WHAT YOU NEED TO DO - Exactly as written, retype all of the records that come next.

SOURCE INFORMATION -

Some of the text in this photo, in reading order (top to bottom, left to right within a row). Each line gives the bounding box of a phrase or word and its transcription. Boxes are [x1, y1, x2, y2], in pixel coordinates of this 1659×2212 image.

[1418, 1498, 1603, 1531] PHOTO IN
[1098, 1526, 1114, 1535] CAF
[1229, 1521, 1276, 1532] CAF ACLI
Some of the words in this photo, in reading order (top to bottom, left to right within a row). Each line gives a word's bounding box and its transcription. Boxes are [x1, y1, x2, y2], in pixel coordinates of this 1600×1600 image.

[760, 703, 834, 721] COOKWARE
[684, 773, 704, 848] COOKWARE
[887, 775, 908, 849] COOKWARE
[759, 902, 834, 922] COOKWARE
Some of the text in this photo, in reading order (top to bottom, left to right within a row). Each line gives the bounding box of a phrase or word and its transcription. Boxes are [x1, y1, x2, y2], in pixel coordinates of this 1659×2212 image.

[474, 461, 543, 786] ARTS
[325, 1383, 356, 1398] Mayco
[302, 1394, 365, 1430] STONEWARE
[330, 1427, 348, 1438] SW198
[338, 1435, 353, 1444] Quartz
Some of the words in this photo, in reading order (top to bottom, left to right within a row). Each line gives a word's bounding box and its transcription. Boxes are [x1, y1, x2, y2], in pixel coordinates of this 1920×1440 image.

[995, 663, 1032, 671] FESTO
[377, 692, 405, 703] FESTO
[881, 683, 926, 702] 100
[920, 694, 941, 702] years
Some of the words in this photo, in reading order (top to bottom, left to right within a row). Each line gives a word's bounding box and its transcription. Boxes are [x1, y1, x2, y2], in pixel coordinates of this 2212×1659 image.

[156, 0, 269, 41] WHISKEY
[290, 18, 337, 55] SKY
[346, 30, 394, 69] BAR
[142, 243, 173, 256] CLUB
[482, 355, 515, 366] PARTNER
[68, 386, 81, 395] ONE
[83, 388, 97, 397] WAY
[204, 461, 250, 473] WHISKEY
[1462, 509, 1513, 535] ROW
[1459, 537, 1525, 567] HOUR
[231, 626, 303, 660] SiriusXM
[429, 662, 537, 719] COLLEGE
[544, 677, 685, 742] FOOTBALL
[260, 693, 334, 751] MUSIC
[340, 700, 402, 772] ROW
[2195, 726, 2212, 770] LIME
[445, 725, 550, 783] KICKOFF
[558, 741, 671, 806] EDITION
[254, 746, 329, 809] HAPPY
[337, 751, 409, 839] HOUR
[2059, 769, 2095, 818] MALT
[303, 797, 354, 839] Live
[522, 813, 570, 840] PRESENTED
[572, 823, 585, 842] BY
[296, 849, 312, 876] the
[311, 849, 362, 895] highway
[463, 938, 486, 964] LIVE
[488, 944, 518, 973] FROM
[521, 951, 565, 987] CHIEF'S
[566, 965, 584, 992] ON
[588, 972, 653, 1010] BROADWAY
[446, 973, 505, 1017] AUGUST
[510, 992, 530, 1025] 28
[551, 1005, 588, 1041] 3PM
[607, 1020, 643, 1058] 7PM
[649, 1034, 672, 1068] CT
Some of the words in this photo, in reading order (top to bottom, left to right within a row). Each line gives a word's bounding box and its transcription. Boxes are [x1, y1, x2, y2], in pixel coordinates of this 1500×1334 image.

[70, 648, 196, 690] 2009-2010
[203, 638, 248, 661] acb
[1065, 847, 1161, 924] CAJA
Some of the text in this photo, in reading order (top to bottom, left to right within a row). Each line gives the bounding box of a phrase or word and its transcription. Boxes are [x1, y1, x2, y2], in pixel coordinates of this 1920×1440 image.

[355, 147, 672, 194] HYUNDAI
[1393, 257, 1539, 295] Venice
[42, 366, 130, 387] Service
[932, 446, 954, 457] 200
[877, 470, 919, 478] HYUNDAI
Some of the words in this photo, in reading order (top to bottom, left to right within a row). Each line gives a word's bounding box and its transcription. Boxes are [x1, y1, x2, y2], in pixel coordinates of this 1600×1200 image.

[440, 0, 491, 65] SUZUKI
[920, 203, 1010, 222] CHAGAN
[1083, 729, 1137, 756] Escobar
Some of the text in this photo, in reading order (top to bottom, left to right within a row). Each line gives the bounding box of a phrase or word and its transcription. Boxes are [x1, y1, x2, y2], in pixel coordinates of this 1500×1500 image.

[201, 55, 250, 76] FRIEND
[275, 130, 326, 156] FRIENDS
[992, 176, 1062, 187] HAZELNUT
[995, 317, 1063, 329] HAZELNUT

SOLUTION BELOW -
Some of the text in this photo, in reading order (top to bottom, left to right within a row). Each line gives the bounding box of a phrase or word and its transcription. Boxes are [x1, y1, x2, y2], in pixel coordinates of this 1659×2212 image.

[1418, 1498, 1603, 1531] PHOTO IN
[1098, 1526, 1114, 1535] CAF
[1229, 1521, 1276, 1532] CAF ACLI
Some of the words in this photo, in reading order (top to bottom, left to right within a row). Each line gives a word's bounding box and its transcription. Boxes are [x1, y1, x2, y2], in pixel coordinates of this 1600×1600 image.

[760, 703, 834, 721] COOKWARE
[684, 773, 704, 848] COOKWARE
[887, 775, 908, 849] COOKWARE
[759, 902, 834, 922] COOKWARE
Some of the text in this photo, in reading order (top to bottom, left to right within a row). Each line gives the bounding box of a phrase or word and its transcription. Boxes are [x1, y1, x2, y2], in pixel coordinates of this 1659×2212 image.

[474, 461, 543, 786] ARTS
[325, 1383, 356, 1398] Mayco
[302, 1394, 365, 1430] STONEWARE
[330, 1427, 348, 1438] SW198
[338, 1435, 353, 1444] Quartz
Some of the words in this photo, in reading order (top to bottom, left to right within a row). Each line gives a word's bounding box and its transcription. Boxes are [x1, y1, x2, y2], in pixel coordinates of this 1920×1440 image.

[995, 663, 1032, 671] FESTO
[377, 692, 405, 703] FESTO
[881, 683, 926, 702] 100
[920, 694, 941, 702] years
Some of the words in this photo, in reading order (top to bottom, left to right within a row). Each line gives a word's bounding box and its transcription. Boxes are [x1, y1, x2, y2], in pixel coordinates of this 2212×1659 image.

[156, 0, 269, 41] WHISKEY
[290, 18, 337, 55] SKY
[346, 30, 394, 69] BAR
[142, 243, 173, 256] CLUB
[482, 355, 515, 366] PARTNER
[68, 386, 81, 395] ONE
[83, 388, 97, 397] WAY
[204, 461, 250, 473] WHISKEY
[1462, 509, 1513, 535] ROW
[1459, 537, 1525, 567] HOUR
[231, 626, 303, 660] SiriusXM
[429, 662, 537, 719] COLLEGE
[544, 677, 685, 742] FOOTBALL
[260, 693, 334, 751] MUSIC
[340, 700, 402, 772] ROW
[2195, 726, 2212, 770] LIME
[445, 725, 550, 783] KICKOFF
[558, 741, 671, 806] EDITION
[254, 746, 329, 809] HAPPY
[337, 751, 409, 839] HOUR
[2059, 769, 2095, 818] MALT
[303, 797, 354, 839] Live
[522, 813, 570, 840] PRESENTED
[572, 823, 585, 842] BY
[296, 849, 312, 876] the
[311, 849, 362, 895] highway
[463, 938, 486, 964] LIVE
[488, 944, 518, 973] FROM
[521, 951, 565, 987] CHIEF'S
[566, 965, 584, 992] ON
[588, 972, 653, 1010] BROADWAY
[446, 973, 505, 1017] AUGUST
[510, 992, 530, 1025] 28
[551, 1005, 588, 1041] 3PM
[607, 1020, 643, 1058] 7PM
[649, 1034, 672, 1068] CT
Some of the words in this photo, in reading order (top to bottom, left to right within a row). Each line gives a word's bounding box and its transcription. Boxes are [x1, y1, x2, y2], in pixel coordinates of this 1500×1334 image.

[70, 648, 196, 690] 2009-2010
[203, 638, 248, 661] acb
[1065, 847, 1161, 924] CAJA
Some of the text in this photo, in reading order (top to bottom, left to right within a row). Each line gives the bounding box of a phrase or word and its transcription. Boxes are [x1, y1, x2, y2], in pixel coordinates of this 1920×1440 image.

[355, 147, 672, 194] HYUNDAI
[1393, 257, 1539, 295] Venice
[42, 366, 130, 387] Service
[932, 446, 954, 457] 200
[877, 470, 919, 478] HYUNDAI
Some of the words in this photo, in reading order (top to bottom, left to right within a row). Each line gives a word's bounding box and its transcription. Boxes are [x1, y1, x2, y2], in pixel coordinates of this 1600×1200 image.

[440, 0, 491, 65] SUZUKI
[920, 203, 1010, 222] CHAGAN
[1083, 729, 1137, 756] Escobar
Some of the text in this photo, in reading order (top to bottom, left to right within a row). Each line gives the bounding box of a phrase or word and its transcription. Boxes are [x1, y1, x2, y2], in pixel coordinates of this 1500×1500 image.

[201, 55, 250, 76] FRIEND
[275, 130, 326, 156] FRIENDS
[992, 176, 1062, 187] HAZELNUT
[995, 317, 1063, 329] HAZELNUT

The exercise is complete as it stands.